Securing the ever-expanding hybrid workforce

News Desk -

Share
By Ray Kafity, VP – META at Attivo Networks

The weekend reforms in the UAE mean they were the first in the GCC to move to the globally followed Saturday-Sunday weekend. They were also the first in the world to adopt a nationwide 4.5-day work week mandate. Compounded by the rising number of COVID cases due to the omnipresent and super transmissible variant, these events led to a resurgence in hybrid and remote working in the Emirates.

A hybrid workforce model allows organisations to take advantage of remote working with the collaboration opportunities of in-person working from the office. Organisations in the UAE are increasingly adopting the hybrid workforce models to continue their business operations and employee engagement.

According to the Riverbed and Aternity survey 2021, 84% of UAE business and IT decision-makers state that a quarter of their workforce will probably be hybrid even after COVID-19. And compared to the global average of 32%, 47% of UAE organisations are prepared to shift to a hybrid workforce. As part of their hybrid journey, organisations must consider implementing a new set of security strategies to safeguard remote employees, secure their sensitive data, and protect against cyberthreats.

Challenges to Always Stay on Top of Cybersecurity

There are more worrisome security implications, especially during these pandemic days. As a result, we will see a couple of significant security challenges organisations should tackle to make their strategy successful.

Organisations support a hybrid workforce model to ensure their employees have secure and seamless access to corporate data. The pandemic also increased the growth in cloud adoption, where people can access corporate applications, workloads, and data outside the office. Security professionals face more challenges in gaining visibility to user identities, exposures, and impersonation misuse. According to a Gartner study, by 2023, 75% of security failures will result from inadequate management of identities, access, and privileges, up from 50% in 2020

Therefore, companies must adopt the proper security to protect their organisations against failures and breaches. Solutions such as Identity Detection and Response (IDR) help organisations implement identity-first security. The solutions provide exposure visibility, reduce the addressable attack surface, and prevent and detect cyber-attacks.

Protecting Remote Workforce Targeting VPN Infrastructure

Implementing hybrid workforce models requires new security architecture strategies. For example, remote access Virtual Private Network (VPN) is one technology many businesses relied on during the pandemic. However, VPNs alone do not protect against every threat. Attackers can gain unauthorised access via VPN. They can compromise VPN accounts and perform reconnaissance to gain further access to internal domain assets.

Organisations need to utilise technologies that can detect cyber-attacks attempting reconnaissance within the VPN subnet. For example, deception-based technology can detect VPN infrastructure attacks by deploying deceptive credentials and VPN concentrator decoys. These decoys engage the attacker while providing high-fidelity alerts and recordings of their activity for faster investigation and response.

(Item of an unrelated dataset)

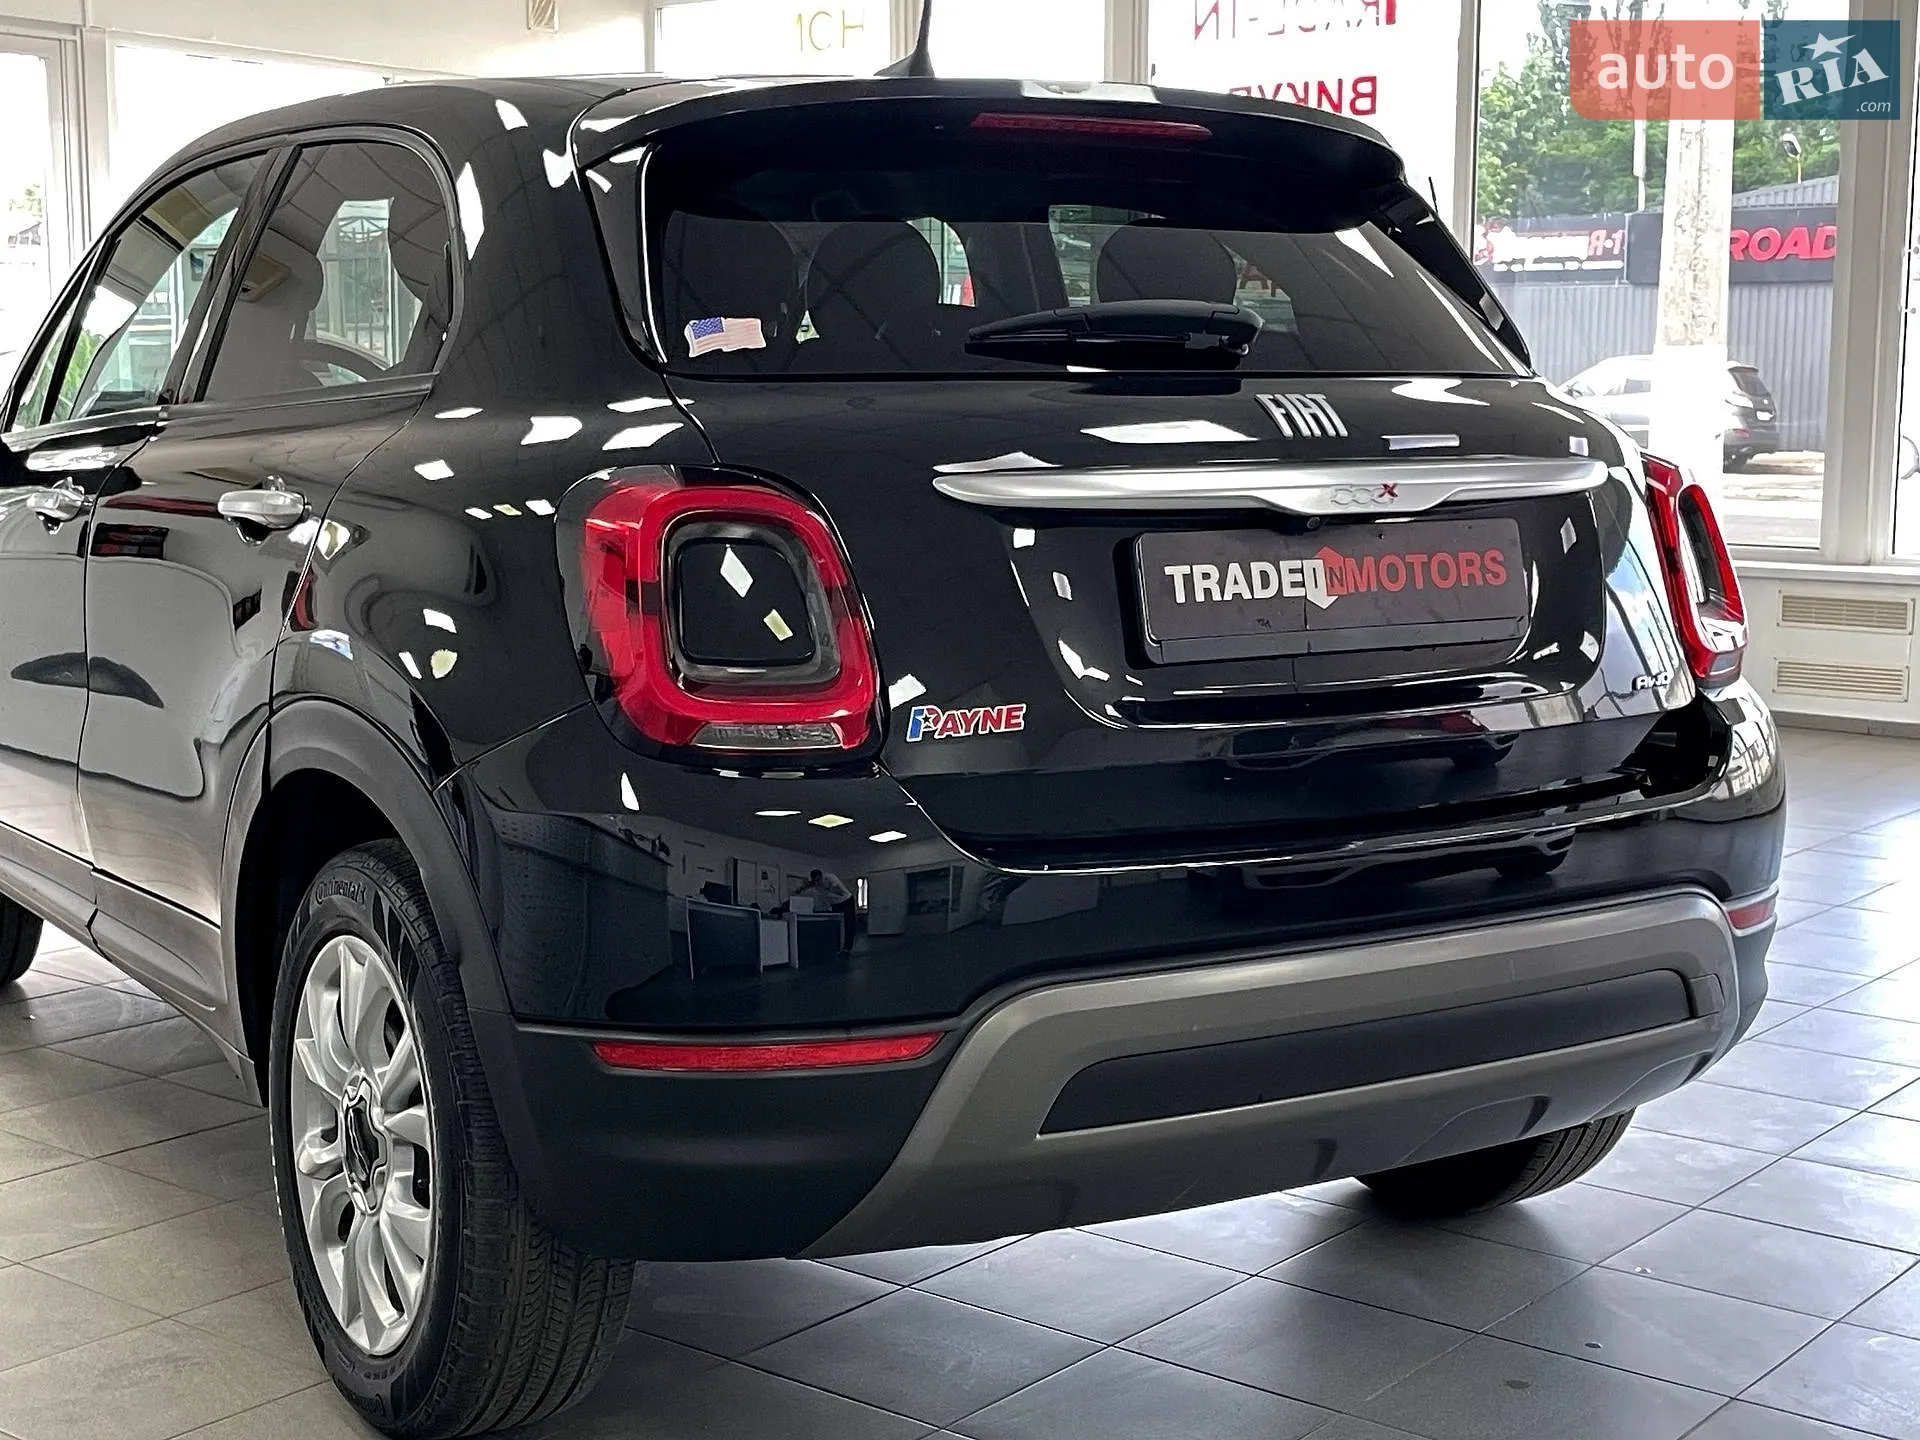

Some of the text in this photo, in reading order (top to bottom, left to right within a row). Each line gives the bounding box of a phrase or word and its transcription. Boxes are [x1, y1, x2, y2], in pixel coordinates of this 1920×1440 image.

[1254, 393, 1348, 438] FIAT
[1164, 560, 1305, 603] TRADE
[1346, 549, 1507, 593] MOTORS
[906, 704, 1027, 742] PAYNE

Preventing Access to the Corporate Data

Another critical aspect of the hybrid workforce model is protecting access to corporate data. With the growing adoption of cloud services such as Office 365, Salesforce, etc., enterprises must allow only authorised access to avoid a security breach. Major cloud service providers like AWS, Azure, and Google Cloud offer native Identity and Access Management (IAM) capabilities. They provide enough functionality to control unauthorised access in their respective cloud environments. However, they cannot fully address more challenging, complex areas of IAM and Privileged Access Management (PAM) in hybrid working environments. They also don’t cover identity risks and entitlement exposures in the cloud, such as overprovisioning and entitlement creep.

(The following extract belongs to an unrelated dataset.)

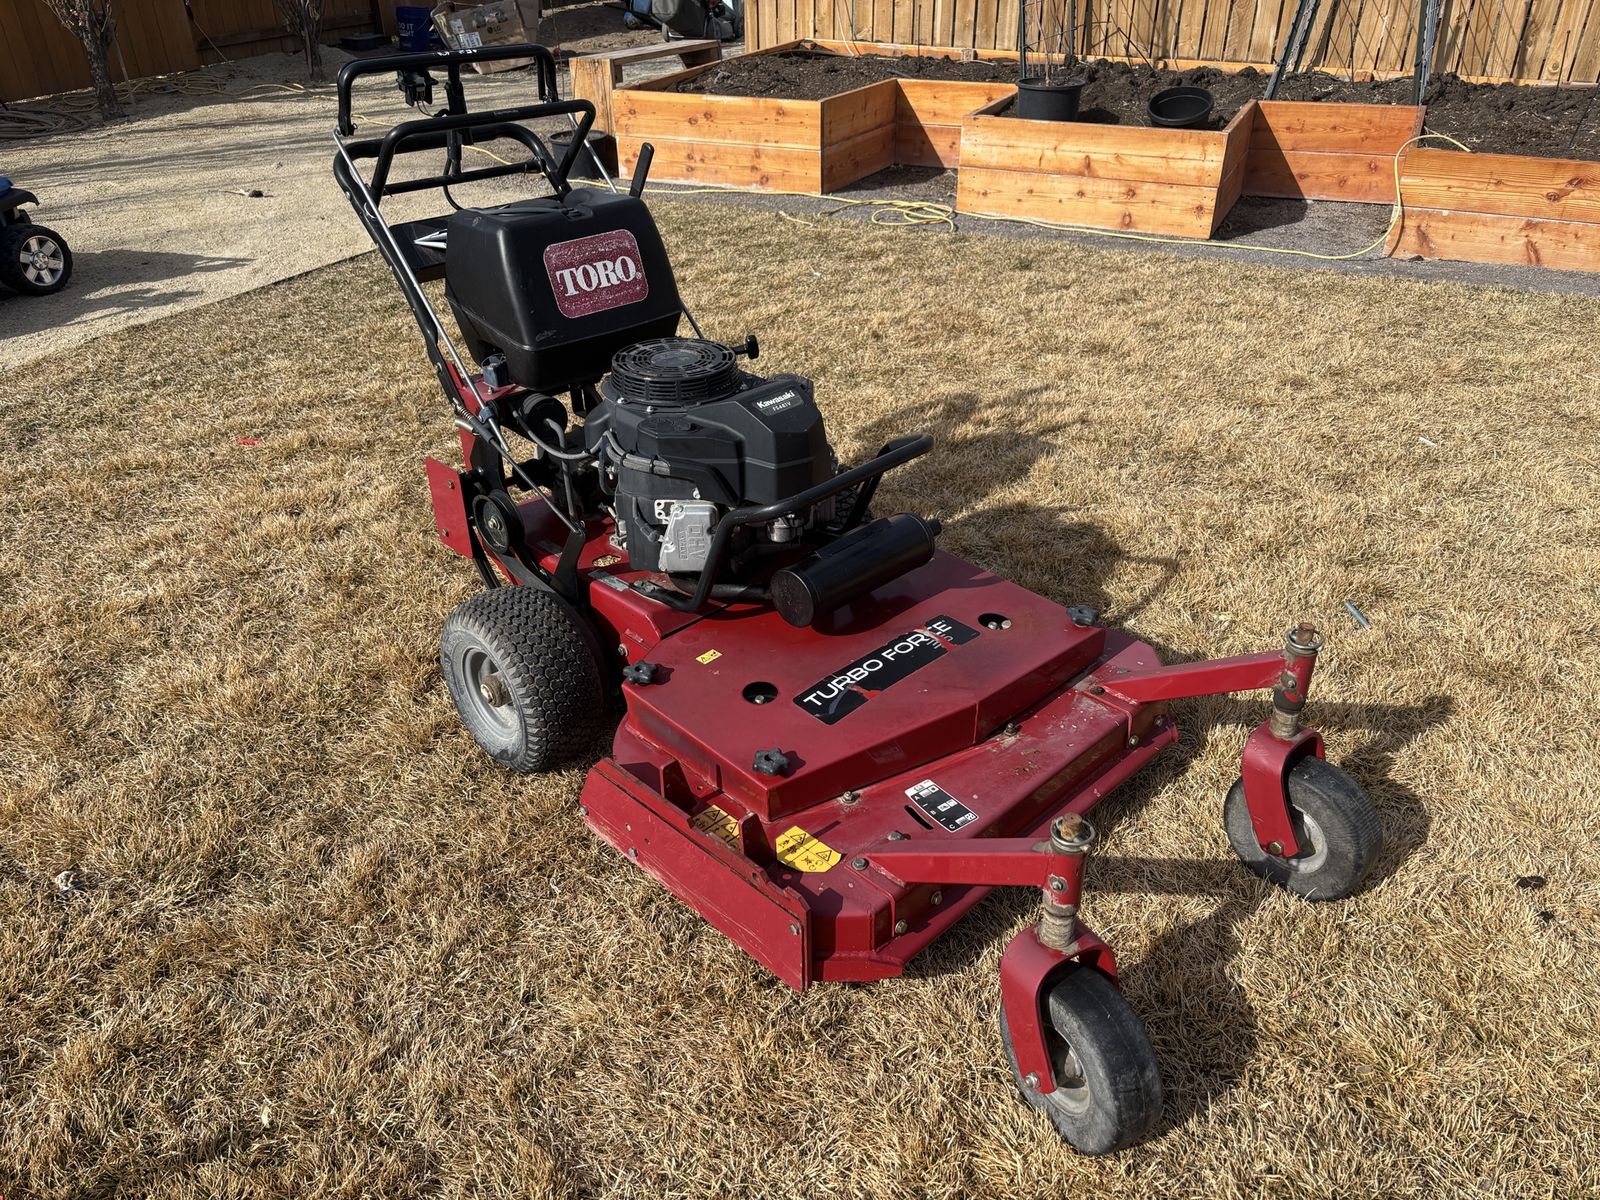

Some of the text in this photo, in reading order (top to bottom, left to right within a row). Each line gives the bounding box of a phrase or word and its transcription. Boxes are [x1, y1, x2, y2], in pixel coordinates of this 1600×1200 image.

[555, 256, 636, 297] TORO
[756, 390, 796, 409] Kawasaki
[803, 659, 884, 706] TURBO

Data concealing or cloaking solutions are also being seen in least privilege and Zero Trust frameworks to prevent attackers from accessing critical data, exploiting local files, accounts, and storage locations. The function hides and denies unauthorised access to the things that attackers target; credentials, Active Directory objects, local files, folders, removable storage, network or cloud shares, local administrator accounts, and application credentials.

Need for the Extra Layer of Security

Organisations must review and enhance their security policies to safeguard corporate data regardless of where employees work. ​Attack surfaces have expanded dramatically during the pandemic, with the shift toward remote work putting identity at the forefront of security. Organisations must now defend identities across the entire enterprise with identity-based, least-privilege access programs and defences capable of detecting attack escalation and lateral movement on-premises and in the cloud.

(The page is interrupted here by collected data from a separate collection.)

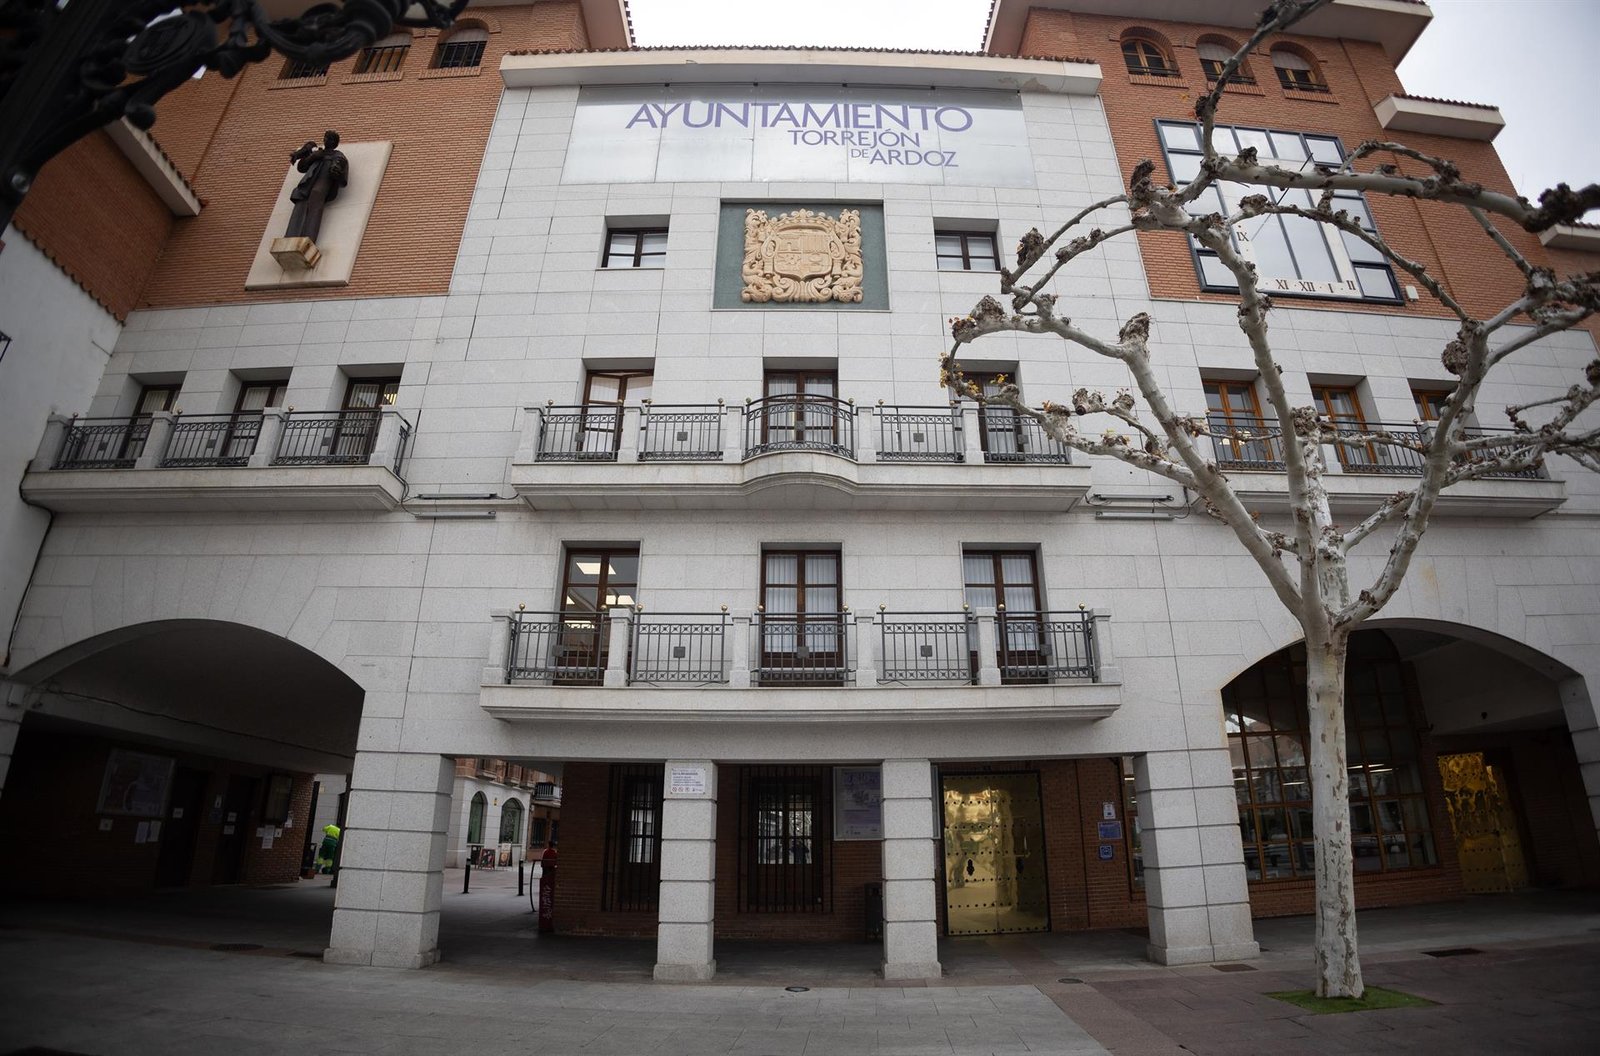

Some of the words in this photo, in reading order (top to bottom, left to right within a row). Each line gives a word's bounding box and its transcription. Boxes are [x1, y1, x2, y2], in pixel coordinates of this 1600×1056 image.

[625, 101, 973, 132] AYUNTAMIENTO
[787, 128, 920, 149] TORREJÓN
[850, 148, 870, 159] DE
[869, 149, 959, 167] ARDOZ
[1236, 231, 1249, 242] IX
[1275, 279, 1289, 290] XI
[1299, 281, 1316, 292] XII
[1346, 280, 1356, 290] II

Identity-based attacks have become the primary attack vector for ransomware and targeted attacks. Adding Identity Detection and Response solutions closes security gaps not covered by endpoint protection or identity access management and offers identity-first security to detect cyber-attacks targeting organisations adopting a hybrid workforce model. With IDR in place, businesses gain the visibility they need to quickly detect credential misuse and privilege escalation activities and remove risky entitlement exposures from the endpoint to AD to multi-cloud environments.